### Final Project PanCancer Atlas
***The Cancer Genome Atlas Pan-Cancer Atlas was a program initiated to categorize 33 cancer types from over 10,000 samples.  Much work has been done in this collaborative effort using a variety of molecular markers - mutations, aneuploidy, copy number, gene expression, methylations, proteomics etc.  In a flagship article on the Cell-of-Origin for the Pan-Cancer Atlas, researchers identified homogenous cancer specific groups based on characteristics associated with cell-of-origin and tissue-specific markers as well as cancer types that had considerable overlap across organ systems.

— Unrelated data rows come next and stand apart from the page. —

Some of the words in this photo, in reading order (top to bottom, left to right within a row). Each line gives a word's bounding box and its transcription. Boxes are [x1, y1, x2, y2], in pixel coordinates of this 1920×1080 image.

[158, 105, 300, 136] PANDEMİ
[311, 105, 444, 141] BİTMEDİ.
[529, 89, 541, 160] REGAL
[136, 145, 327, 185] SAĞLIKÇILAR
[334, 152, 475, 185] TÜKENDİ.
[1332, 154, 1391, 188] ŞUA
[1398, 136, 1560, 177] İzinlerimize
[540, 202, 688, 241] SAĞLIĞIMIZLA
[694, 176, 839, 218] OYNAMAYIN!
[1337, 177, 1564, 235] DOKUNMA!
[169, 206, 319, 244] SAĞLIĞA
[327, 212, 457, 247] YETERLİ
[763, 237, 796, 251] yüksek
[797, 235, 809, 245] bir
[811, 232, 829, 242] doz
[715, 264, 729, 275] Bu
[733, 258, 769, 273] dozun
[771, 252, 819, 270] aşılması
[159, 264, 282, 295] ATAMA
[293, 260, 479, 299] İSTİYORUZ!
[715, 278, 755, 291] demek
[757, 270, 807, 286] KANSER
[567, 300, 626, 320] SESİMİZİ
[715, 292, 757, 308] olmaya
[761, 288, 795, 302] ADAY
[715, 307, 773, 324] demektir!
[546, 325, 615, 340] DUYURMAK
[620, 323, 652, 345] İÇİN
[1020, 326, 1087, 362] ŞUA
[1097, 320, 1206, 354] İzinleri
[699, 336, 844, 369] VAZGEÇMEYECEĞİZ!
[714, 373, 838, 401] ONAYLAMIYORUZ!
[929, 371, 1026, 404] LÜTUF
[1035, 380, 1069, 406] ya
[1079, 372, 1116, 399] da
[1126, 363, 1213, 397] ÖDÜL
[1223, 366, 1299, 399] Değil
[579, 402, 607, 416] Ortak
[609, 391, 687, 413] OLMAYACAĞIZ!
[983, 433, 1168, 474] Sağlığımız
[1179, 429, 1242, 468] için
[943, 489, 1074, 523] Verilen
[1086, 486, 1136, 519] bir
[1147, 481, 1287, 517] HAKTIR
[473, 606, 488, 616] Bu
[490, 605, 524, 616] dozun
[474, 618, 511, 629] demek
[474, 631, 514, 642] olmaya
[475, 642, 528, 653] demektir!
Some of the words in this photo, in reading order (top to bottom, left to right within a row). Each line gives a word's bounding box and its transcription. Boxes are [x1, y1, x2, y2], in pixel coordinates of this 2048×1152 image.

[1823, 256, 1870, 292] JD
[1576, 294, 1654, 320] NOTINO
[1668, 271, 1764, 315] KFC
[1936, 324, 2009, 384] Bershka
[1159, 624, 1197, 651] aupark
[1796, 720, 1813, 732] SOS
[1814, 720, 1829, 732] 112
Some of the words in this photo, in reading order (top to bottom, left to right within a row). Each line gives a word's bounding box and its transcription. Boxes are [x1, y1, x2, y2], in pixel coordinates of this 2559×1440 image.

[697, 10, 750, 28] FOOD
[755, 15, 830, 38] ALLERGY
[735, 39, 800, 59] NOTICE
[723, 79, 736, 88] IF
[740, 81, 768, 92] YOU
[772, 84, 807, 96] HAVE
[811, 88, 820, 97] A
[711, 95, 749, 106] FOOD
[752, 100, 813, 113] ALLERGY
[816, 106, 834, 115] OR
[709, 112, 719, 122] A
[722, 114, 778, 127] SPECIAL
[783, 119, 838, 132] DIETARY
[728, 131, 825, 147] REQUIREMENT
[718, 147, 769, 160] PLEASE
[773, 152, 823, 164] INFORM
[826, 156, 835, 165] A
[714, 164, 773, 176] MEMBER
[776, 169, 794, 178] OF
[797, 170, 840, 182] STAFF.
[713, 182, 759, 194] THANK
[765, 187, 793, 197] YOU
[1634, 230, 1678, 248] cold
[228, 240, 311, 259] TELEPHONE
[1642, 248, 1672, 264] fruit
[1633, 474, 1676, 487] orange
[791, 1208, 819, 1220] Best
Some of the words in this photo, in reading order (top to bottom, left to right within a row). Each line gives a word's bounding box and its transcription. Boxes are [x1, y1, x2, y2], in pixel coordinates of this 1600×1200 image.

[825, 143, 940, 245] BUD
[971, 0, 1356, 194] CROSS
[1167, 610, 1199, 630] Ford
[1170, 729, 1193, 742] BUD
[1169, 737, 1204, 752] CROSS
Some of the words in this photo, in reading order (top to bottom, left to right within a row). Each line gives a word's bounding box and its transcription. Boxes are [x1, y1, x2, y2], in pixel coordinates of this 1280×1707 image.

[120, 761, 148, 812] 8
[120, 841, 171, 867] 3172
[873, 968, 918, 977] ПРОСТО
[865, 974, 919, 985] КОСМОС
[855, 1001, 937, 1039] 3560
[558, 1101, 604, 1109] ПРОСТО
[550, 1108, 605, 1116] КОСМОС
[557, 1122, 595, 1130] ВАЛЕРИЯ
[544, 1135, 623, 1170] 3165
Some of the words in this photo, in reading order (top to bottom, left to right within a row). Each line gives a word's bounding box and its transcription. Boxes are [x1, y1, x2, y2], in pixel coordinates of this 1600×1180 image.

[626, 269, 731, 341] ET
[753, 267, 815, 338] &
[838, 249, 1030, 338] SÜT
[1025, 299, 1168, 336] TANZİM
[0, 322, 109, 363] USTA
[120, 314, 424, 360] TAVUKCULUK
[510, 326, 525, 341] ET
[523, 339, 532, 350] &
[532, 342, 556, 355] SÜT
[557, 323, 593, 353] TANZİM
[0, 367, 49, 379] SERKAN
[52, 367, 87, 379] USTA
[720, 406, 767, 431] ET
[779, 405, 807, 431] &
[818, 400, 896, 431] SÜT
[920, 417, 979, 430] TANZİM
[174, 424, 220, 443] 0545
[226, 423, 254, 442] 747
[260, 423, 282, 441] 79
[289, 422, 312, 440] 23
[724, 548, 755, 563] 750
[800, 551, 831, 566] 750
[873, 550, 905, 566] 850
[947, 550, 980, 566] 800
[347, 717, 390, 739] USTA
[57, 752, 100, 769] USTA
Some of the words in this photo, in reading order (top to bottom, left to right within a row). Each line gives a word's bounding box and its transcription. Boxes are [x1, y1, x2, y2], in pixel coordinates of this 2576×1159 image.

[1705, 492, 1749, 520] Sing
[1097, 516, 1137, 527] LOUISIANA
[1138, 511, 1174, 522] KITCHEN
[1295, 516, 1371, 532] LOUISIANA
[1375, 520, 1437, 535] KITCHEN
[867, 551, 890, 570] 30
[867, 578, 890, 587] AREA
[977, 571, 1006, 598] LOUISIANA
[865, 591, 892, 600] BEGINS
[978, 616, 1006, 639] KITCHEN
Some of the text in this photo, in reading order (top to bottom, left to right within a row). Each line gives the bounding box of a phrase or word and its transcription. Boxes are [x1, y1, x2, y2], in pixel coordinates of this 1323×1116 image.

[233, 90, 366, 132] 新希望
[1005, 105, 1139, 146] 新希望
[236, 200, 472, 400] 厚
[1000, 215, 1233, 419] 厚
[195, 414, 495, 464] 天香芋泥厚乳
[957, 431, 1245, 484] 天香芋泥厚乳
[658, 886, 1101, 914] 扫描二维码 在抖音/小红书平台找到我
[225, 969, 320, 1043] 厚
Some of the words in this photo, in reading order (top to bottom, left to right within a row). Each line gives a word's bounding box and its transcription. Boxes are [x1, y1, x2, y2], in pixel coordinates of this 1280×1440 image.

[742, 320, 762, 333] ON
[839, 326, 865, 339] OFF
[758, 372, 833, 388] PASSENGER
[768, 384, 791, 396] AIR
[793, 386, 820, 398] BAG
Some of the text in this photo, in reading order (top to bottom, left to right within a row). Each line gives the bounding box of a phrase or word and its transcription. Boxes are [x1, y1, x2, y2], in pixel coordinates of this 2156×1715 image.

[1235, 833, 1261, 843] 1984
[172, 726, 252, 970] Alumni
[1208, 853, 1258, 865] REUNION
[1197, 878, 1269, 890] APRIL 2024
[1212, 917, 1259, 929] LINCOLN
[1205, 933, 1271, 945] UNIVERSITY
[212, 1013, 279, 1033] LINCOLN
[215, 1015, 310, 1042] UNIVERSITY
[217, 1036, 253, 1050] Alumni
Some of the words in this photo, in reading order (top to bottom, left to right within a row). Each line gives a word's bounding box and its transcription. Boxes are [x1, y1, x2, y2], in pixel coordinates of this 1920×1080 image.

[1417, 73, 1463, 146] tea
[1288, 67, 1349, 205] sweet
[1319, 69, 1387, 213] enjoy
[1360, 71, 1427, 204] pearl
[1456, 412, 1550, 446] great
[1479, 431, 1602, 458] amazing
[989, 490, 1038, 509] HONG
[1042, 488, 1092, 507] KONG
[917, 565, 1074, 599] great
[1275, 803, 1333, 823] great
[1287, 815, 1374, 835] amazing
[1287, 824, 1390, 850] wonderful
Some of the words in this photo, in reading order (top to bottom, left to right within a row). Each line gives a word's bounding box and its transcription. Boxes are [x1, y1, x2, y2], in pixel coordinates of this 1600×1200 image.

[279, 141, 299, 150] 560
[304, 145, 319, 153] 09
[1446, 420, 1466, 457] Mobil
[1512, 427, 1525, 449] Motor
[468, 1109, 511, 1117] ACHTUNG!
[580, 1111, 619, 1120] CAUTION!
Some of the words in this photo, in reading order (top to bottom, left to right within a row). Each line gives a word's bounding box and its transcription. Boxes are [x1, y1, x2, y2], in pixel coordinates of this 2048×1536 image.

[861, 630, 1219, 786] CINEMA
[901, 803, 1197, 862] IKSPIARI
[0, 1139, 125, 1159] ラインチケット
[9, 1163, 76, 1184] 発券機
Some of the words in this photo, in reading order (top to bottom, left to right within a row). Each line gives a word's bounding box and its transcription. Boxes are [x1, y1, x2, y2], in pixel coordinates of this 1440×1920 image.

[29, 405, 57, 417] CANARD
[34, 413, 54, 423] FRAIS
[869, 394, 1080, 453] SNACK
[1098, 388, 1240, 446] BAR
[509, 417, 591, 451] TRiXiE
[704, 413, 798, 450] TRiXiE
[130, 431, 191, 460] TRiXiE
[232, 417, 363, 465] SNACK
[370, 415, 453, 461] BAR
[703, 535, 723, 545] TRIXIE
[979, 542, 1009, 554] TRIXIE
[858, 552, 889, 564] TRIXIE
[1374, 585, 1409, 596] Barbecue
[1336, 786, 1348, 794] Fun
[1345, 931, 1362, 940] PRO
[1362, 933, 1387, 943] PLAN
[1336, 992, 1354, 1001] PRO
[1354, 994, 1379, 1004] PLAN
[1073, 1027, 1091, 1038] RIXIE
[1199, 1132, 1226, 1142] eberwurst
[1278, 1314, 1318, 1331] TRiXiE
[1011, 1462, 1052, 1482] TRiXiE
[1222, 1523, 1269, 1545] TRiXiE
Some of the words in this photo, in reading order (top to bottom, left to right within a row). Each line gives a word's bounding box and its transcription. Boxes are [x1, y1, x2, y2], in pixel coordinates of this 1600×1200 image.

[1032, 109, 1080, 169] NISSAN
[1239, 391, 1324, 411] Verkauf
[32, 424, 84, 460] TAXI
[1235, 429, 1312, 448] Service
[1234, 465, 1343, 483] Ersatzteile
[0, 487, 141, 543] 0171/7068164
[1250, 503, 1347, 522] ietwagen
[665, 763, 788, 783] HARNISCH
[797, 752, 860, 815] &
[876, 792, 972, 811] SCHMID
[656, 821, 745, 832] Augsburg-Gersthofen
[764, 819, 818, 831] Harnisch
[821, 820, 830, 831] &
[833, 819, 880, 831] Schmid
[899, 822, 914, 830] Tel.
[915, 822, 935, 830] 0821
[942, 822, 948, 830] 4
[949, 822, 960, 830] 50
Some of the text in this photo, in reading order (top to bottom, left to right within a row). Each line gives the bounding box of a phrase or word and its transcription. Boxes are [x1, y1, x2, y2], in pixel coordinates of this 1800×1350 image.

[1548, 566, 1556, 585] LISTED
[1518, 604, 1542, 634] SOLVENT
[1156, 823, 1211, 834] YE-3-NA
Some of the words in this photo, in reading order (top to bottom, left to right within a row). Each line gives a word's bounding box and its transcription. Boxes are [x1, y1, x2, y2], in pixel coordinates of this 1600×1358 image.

The ability to classify tumors by tissue of origin and to target expression unique to tissue-specific tumors has the potential to enhance site-specific targeting of tumors if novel markers can be identified.  While it is widely accepted that there are "oncogenic" pathways that repeatedly appear across cancer types, there is potentially a diverse landscape of pathways that may be driving or sustaining tumor growth within a given tissue.  Using RNA sequencing data collected and batch corrected from the large sample size and breadth of cancers in the Pan-Cancer Atlas, can we identify organ-specific markers that lend credence to the plausibility that tissues do in fact hold clues to site-specifc treatment options?***

### We will need to install and import several libraries.
***Using pandas for dataframe manipulation, matplotlib for visualization, numpy for mathematical manipulation and array operations, sklearn and pytorch for ML modeling.  Additionally, we will need to use the library rpy2 which is a python wrapper of the edgeR package used in gene expression normalization***



In [None]:
# Install required packages (once per virtual environment)
%pip install -q numpy pandas matplotlib seaborn scikit-learn tensorflow[and-cuda] xgboost rpy2
%reset -f

In [24]:
import pandas as pd
import numpy as np 
import matplotlib as plt
from sklearn.metrics import confusion_matrix, accuracy_score, precision_score, recall_score, f1_score
from sklearn.preprocessing import StandardScaler
import rpy2.robjects as robjects
from rpy2.robjects import pandas2ri
from rpy2.robjects.packages import importr
import random
import time

##### Load the datasets
***We will load the gene expression data as well as the paired clinical data.***

In [2]:
# Load the Pan-Cancer gene expression data from the tsv file
PANCAN_df = pd.read_csv('EBPlusPlusAdjustPANCAN_IlluminaHiSeq_RNASeqV2.geneExp.tsv', sep='\t')


### Inspect the gene expression data and generate some helper functions.

***We want to see what the raw data looks like so we can perform the appropriate munging steps.***

##### The PanCancer Atlas dataset requires several preprocessing steps to perform meaningful analysis.  
***There are several tumor sample types denoted in the sample ID.  For example, the primary site of the tumor is denoted in the string index 14-15.  Additionally, the string vector for gene IDs contains both hardware ID and Gene names.  Finally, when dealing with a dataset that is composed of expression level data, it is necessary to adjust the counts for the depth of the sequencing in a sample relative to all other samples, followed by log transformation, and gene-wise scaling to Z-scores.***

In [16]:
# Describe the gene expression data.

def inspection(exprs):
    """We want to get information from the data to assess how to approach munging.
    Args: pdDataFrame

    """
    if not isinstance(exprs, pd.DataFrame):
        raise TypeError("Input must be a pandas DataFrame.")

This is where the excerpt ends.